A los tres hermanitos los llevaron al destacamento militar en Huehuetenango y allí los entregaron al coronel Ángel Castellanos. Él los protegió, dice, y los mantuvo a su lado hasta que, unos meses después, los dejó en el internado de la periferia capitalina. Allí cambió su nombre. “Mi nombre es Shash en ixil. Mi hermano Pedro en realidad se llama Lup y mi otro hermano Mash… Tomás. Cuando llegamos al internado me llamaron aparte y me preguntaron mi nombre pero yo no entendía bien, yo decía que era Jacinto y luego daba el nombre de mis dos hermanos, Lup y Mash, porque no quería que nos separaran. Jacinto, Lup y Mash. Y el secretario me puso Jacinto Lupamac y así está en la partida falsa que me sacaron. Yo no sé cuándo nací. Pero sí sé que mi papá se apellidaba Raymundo. Ese es mi apellido. Shash Raymundo me llamaba”. Años después, muchos años después, supo qué había pasado con su padre: ese mismo día, desde la aldea, él salió a buscar al resto de su familia cuando una granada le partió el pecho.
Jacinto me contó su historia a finales de febrero. Pero, palabras más, palabras menos, ya la había contado seis años antes: fue llamado a declarar como testigo en el juicio celebrado en 2013 contra el general y expresidente Efraín Ríos Montt, acusado de genocidio contra el pueblo maya ixil.

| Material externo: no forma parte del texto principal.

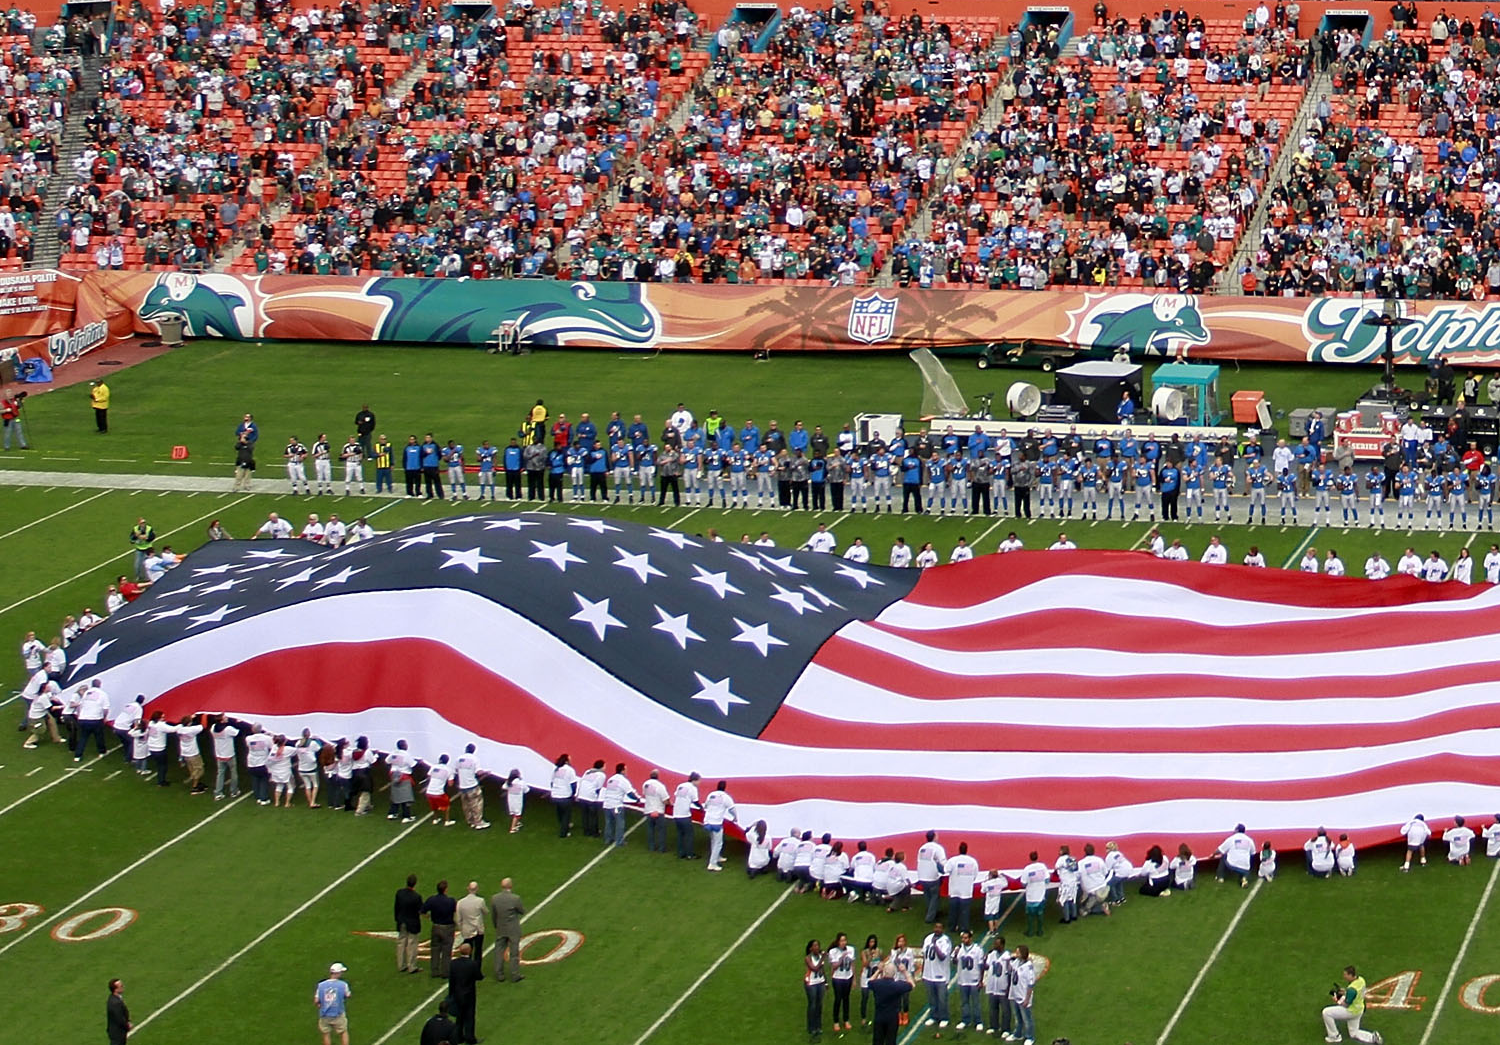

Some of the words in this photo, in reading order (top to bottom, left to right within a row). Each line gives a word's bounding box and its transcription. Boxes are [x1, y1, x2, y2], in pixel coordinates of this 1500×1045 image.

[174, 276, 188, 288] M
[1163, 297, 1178, 308] M
[854, 315, 888, 338] NFL
[49, 320, 108, 366] Dolphins
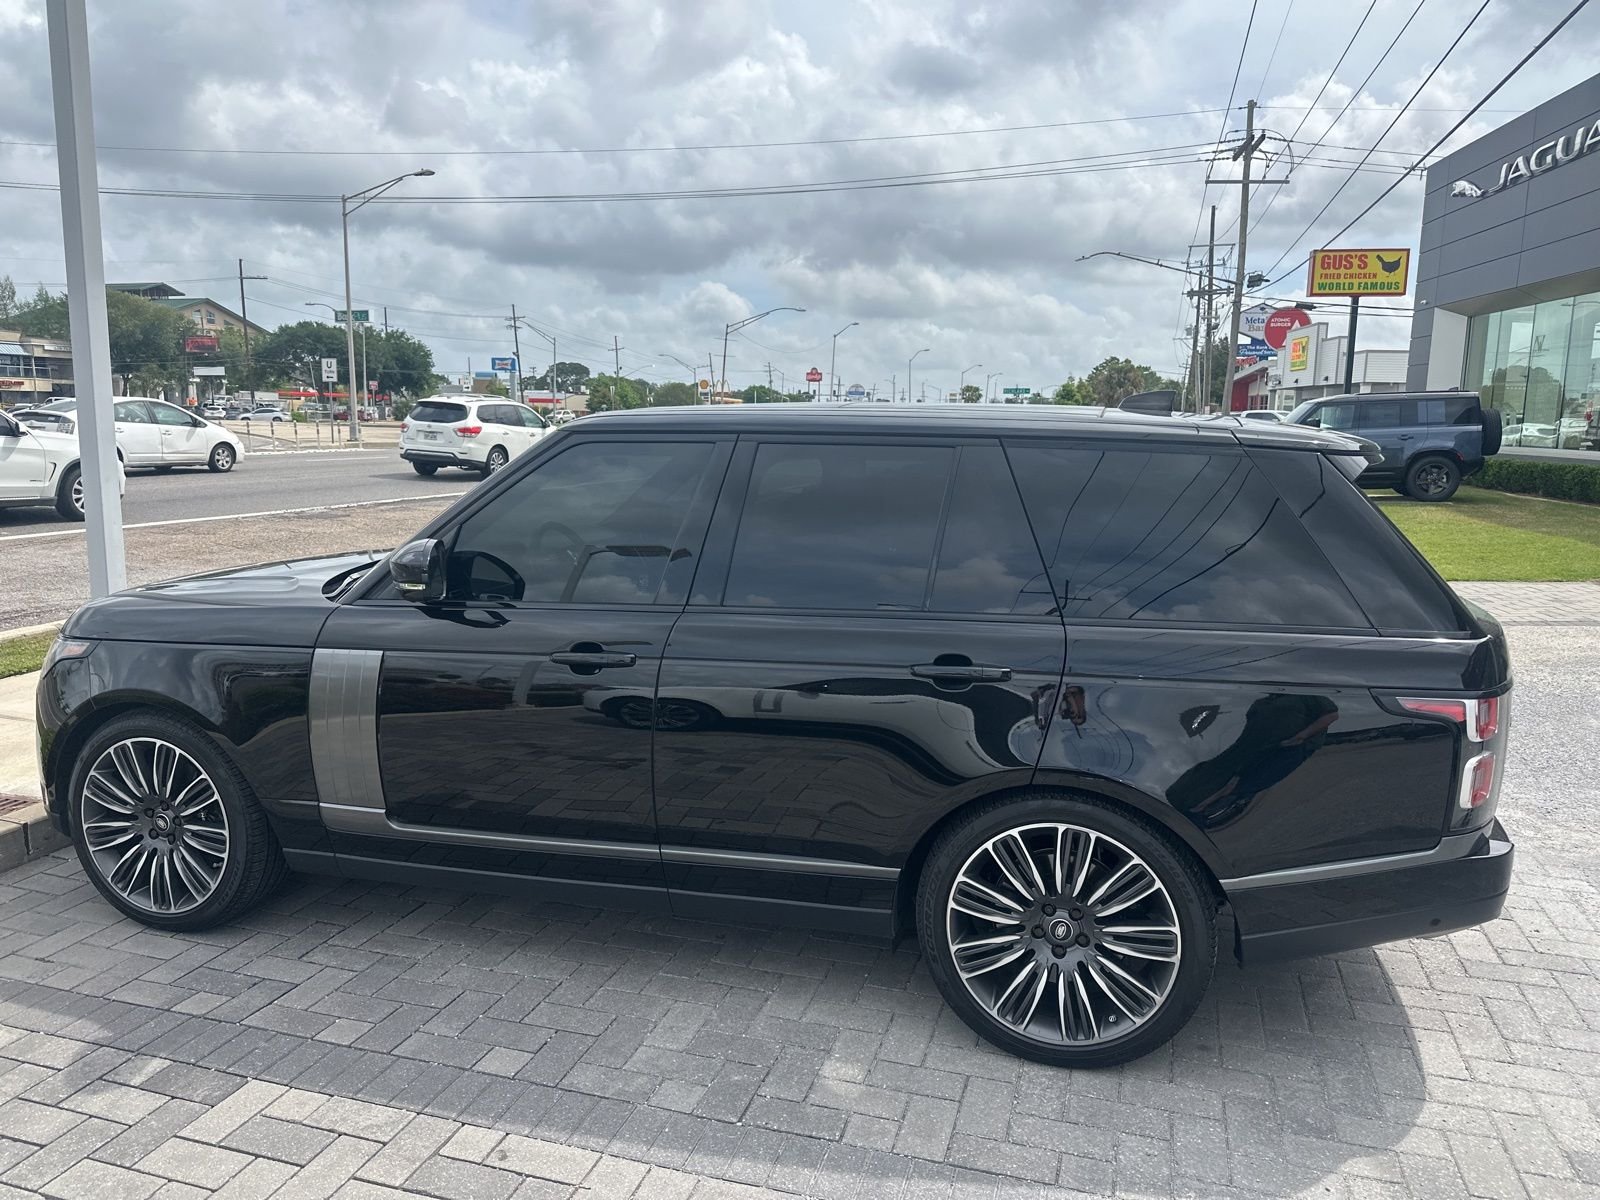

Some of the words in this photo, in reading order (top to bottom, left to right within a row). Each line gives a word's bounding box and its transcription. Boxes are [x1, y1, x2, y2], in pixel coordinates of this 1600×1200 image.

[1320, 254, 1368, 270] GUS'S
[1319, 272, 1341, 280] FRIED
[1343, 272, 1377, 280] CHICKEN
[1317, 282, 1354, 291] WORLD
[1358, 281, 1400, 291] FAMOUS
[1245, 317, 1268, 325] Meta

Cubrí aquel juicio, celebrado ante una sala llena de mujeres y hombres ixiles que hicieron el largo camino desde los altos del Quiché hasta la sala mayor del palacio legislativo, para sentirse, como me dijo uno de ellos entonces, por primera vez con derecho a que les hicieran justicia. El jurado encontró a Ríos Montt culpable de genocidio y delitos contra los deberes de la humanidad en contra del pueblo maya ixil, y lo condenó a treinta años de prisión. Ordenó además una serie de reparaciones para las víctimas que incluían el reconocimiento al intento de exterminación de que fue objeto toda la población ixil.
La Corte de Constitucionalidad argumentó un error de procedimiento y ordenó realizar de nuevo el juicio. Nunca se llevó a cabo, porque el general murió antes. Fue cuestionado el proceso, no los hechos. Ni la sentencia.
Hoy, seis años después, le pregunto al diputado Linares Beltranena qué piensa del juicio por genocidio. Su respuesta es desafiante: “¿Genocidio? Claro que en Guatemala hubo genocidio. Aún hay genocidio. Es un genocidio judicial porque la extrema izquierda busca el exterminio de un grupo nacional. Hay 70 militares detenidos, y un terrorista. Los juzgados y el Ministerio Público están infiltrados por extremistas de izquierda que son los que han llevado a cabo este genocidio judicial. Lo hacen por codicia, por dinero, por seguir en una batalla de venganza disfrazada de codicia”.
***
Para llegar a Nebaj, la ciudad mayor de los ixiles, hay que conducir entre seis y siete horas por caminos que son toda una inmersión al corazón maya guatemalteco. Se pasa por un costado del lago Atitlán antes de llegar a Chichicastenango, que en domingo de mercado es un lugar intenso, con sus ríos de gente vestida en coloridos trajes tradicionales que desfila entre verduras multicolores, chiles, máscaras de madera, textiles, cargadores y protectores de celulares; comedores armados con bancas de madera alrededor de fogones de leña, con el olor del maíz de nixtamal en pasadizos que conducen todos a la iglesia, a la que ingresan indígenas con sahumerios por la escalinata en la que se aposentan vendedoras de flores y de lanzaderas de madera para los telares.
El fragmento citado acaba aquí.